UNM Perkenalkan E-HADIROH, Presensi Digital untuk SIT Albanin Makassar

KH
Kamsah Hasan

Penulis

Terkinidotid Hadir di WhatsApp Channel
Follow

Terkini.id — Tim Pengabdian kepada Masyarakat (PKM) dosen Jurusan Teknik Elektronika Fakultas Teknik Universitas Negeri Makassar memperkenalkan sistem presensi digital E-HADIROH di Sekolah Islam Terpadu (SIT) Albanin Makassar, Jumat, 7 Agustus 2026.

Aplikasi berbasis Progressive Web App (PWA) itu dirancang untuk menggantikan pencatatan kehadiran guru dan staf yang sebelumnya dilakukan secara manual menggunakan kertas.

Ketua Tim PKM Dosen UNM, Mustamin, mengatakan sistem manual membuat proses rekapitulasi kehadiran membutuhkan waktu 12-16 jam kerja setiap bulan. Sistem tersebut juga dinilai rentan terhadap kerusakan data dan kecurangan.

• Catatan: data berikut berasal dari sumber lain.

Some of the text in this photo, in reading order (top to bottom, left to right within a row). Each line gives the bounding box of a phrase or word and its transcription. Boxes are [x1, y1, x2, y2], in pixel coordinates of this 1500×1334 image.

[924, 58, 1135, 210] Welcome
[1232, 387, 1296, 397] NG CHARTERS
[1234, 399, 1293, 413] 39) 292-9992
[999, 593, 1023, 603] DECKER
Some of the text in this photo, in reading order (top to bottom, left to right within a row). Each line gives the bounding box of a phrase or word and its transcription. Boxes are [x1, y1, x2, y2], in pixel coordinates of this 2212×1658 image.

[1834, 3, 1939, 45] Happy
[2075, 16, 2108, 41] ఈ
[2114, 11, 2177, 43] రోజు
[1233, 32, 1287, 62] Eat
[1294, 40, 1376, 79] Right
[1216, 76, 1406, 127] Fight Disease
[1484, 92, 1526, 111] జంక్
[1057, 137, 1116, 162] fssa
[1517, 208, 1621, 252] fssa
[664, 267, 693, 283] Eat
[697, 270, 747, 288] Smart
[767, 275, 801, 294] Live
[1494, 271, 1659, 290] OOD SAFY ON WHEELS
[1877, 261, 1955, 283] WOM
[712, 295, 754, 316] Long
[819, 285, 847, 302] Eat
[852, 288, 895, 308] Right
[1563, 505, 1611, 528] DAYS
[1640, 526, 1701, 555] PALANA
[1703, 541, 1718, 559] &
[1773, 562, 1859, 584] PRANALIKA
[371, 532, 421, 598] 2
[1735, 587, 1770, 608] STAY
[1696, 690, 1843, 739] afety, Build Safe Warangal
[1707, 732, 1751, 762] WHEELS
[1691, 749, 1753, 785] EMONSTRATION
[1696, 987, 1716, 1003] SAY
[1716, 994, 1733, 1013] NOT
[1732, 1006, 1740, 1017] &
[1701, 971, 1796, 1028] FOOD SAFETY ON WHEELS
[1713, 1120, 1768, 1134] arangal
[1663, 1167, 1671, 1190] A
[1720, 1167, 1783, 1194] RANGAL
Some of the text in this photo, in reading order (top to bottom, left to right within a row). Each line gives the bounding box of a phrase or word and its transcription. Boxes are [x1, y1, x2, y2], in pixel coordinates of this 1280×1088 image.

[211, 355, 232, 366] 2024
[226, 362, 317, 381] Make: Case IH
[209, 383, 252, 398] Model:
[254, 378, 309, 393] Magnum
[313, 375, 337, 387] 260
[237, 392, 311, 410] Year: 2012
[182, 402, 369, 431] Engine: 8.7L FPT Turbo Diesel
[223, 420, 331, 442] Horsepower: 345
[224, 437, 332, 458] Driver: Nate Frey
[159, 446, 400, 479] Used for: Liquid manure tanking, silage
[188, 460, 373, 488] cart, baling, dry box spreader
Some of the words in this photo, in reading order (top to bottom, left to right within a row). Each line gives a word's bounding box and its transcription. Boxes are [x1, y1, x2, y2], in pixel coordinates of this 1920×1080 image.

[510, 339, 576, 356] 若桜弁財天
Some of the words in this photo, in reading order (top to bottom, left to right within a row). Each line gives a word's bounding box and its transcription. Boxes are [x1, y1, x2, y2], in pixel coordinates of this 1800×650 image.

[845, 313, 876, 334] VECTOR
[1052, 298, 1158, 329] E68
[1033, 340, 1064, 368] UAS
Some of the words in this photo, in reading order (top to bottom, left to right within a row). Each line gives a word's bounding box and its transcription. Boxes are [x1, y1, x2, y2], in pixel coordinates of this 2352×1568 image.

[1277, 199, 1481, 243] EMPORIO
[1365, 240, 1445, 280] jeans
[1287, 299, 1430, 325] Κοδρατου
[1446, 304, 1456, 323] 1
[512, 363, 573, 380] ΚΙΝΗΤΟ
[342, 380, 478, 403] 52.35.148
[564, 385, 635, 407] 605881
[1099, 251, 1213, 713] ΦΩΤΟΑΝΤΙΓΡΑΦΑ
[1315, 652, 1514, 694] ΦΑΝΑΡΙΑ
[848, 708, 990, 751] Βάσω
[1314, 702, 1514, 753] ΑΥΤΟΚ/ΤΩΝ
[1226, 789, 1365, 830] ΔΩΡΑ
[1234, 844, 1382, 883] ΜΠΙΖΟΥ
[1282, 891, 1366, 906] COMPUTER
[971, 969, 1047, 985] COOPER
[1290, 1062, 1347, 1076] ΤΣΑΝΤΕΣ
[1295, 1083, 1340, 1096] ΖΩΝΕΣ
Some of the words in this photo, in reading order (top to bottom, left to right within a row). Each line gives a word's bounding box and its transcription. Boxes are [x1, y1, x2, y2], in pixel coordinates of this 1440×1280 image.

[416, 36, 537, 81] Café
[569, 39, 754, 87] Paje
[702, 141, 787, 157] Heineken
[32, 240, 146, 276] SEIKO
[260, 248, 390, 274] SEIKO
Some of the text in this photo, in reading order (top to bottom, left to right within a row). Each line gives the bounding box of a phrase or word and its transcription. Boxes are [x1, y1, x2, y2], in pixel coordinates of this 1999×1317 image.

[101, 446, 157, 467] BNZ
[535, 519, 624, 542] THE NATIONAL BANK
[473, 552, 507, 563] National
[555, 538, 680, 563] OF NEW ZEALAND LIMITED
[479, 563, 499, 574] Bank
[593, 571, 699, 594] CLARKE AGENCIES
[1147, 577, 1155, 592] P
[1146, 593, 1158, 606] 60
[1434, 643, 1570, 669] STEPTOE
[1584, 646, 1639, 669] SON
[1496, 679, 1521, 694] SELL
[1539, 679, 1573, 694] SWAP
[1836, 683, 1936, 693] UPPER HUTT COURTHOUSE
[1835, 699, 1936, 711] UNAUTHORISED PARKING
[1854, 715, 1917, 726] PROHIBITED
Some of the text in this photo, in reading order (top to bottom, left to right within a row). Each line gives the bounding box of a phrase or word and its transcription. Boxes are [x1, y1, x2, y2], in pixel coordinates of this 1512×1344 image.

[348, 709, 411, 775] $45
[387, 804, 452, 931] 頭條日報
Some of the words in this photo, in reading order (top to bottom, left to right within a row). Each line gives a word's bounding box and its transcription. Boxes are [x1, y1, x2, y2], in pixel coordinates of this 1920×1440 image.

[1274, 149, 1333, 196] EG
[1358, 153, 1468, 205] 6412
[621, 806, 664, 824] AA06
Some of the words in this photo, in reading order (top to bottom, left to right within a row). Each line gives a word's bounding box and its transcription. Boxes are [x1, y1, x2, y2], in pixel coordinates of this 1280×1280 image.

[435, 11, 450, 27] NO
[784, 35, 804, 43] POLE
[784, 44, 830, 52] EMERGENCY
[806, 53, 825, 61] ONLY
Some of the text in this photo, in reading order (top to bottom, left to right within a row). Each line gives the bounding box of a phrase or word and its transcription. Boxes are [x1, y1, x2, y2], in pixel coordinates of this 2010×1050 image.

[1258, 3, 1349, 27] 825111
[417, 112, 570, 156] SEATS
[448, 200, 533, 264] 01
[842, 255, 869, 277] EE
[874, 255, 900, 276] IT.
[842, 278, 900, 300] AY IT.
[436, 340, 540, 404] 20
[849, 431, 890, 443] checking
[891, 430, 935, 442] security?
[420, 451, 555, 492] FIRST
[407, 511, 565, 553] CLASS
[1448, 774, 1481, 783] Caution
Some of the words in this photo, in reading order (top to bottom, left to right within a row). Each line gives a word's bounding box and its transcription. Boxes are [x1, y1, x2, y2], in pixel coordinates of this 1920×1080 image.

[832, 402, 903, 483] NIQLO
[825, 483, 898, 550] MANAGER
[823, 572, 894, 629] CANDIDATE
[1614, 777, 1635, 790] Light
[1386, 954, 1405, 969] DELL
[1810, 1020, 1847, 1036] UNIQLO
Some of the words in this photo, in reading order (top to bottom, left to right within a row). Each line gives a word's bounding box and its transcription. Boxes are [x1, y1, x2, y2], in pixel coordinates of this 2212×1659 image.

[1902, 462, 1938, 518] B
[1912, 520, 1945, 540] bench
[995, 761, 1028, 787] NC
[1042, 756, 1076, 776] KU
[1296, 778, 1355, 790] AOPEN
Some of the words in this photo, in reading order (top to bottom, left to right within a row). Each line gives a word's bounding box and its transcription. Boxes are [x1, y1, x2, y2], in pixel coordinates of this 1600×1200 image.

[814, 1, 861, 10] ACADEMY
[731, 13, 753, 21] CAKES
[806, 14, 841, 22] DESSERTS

"E-HADIROH menghadirkan solusi digital yang mengintegrasikan validasi lokasi berbasis GPS menggunakan algoritma Haversine, verifikasi wajah berbasis Fuzzy Logic, serta fitur pengajuan izin secara digital," kata Mustamin dalam kegiatan pelatihan di Ruang Pertemuan SIT Albanin.

Menurut dia, penerapan E-HADIROH dapat memangkas waktu rekapitulasi kehadiran hingga 90 persen. Pimpinan sekolah juga dapat memantau kehadiran dan kedisiplinan pegawai secara langsung melalui dasbor interaktif.

Tim pengabdian itu juga beranggotakan Ir. Fitrah Asma Darmawan, S.Pd., M.Pd., IPM., dan Sirwan, S.Pd., M.Pd.

Kepala SD IT Albanin, Dr. Dwi Purnama Soiswaty, S.T., M.T., menyambut penerapan sistem tersebut. Dia mengatakan digitalisasi presensi membantu mengurangi beban administrasi guru dan staf.

Menurut Dwi, E-HADIROH memiliki keunggulan karena tidak mengharuskan pengguna mengunduh aplikasi berukuran besar dari toko aplikasi. Guru dan staf dapat memasangnya melalui peramban pada telepon pintar.

"Ini membuat tata kelola administrasi sekolah menjadi jauh lebih efektif, transparan, dan teratur," ujar Dwi.

Pelatihan diikuti belasan guru, staf bendahara, dan pengelola sekolah. Peserta tidak hanya menerima sosialisasi, tetapi juga mempraktikkan presensi secara langsung di lokasi maupun saat bekerja dari rumah.

Tim UNM turut menguji fitur pengajuan izin dan meminta peserta mengisi kuesioner System Usability Scale (SUS) untuk mengukur kemudahan dan kenyamanan penggunaan aplikasi.

Mustamin berharap E-HADIROH dapat digunakan secara berkelanjutan di SIT Albanin dan menjadi bagian dari upaya mempercepat transformasi digital dalam tata kelola lembaga pendidikan di Makassar.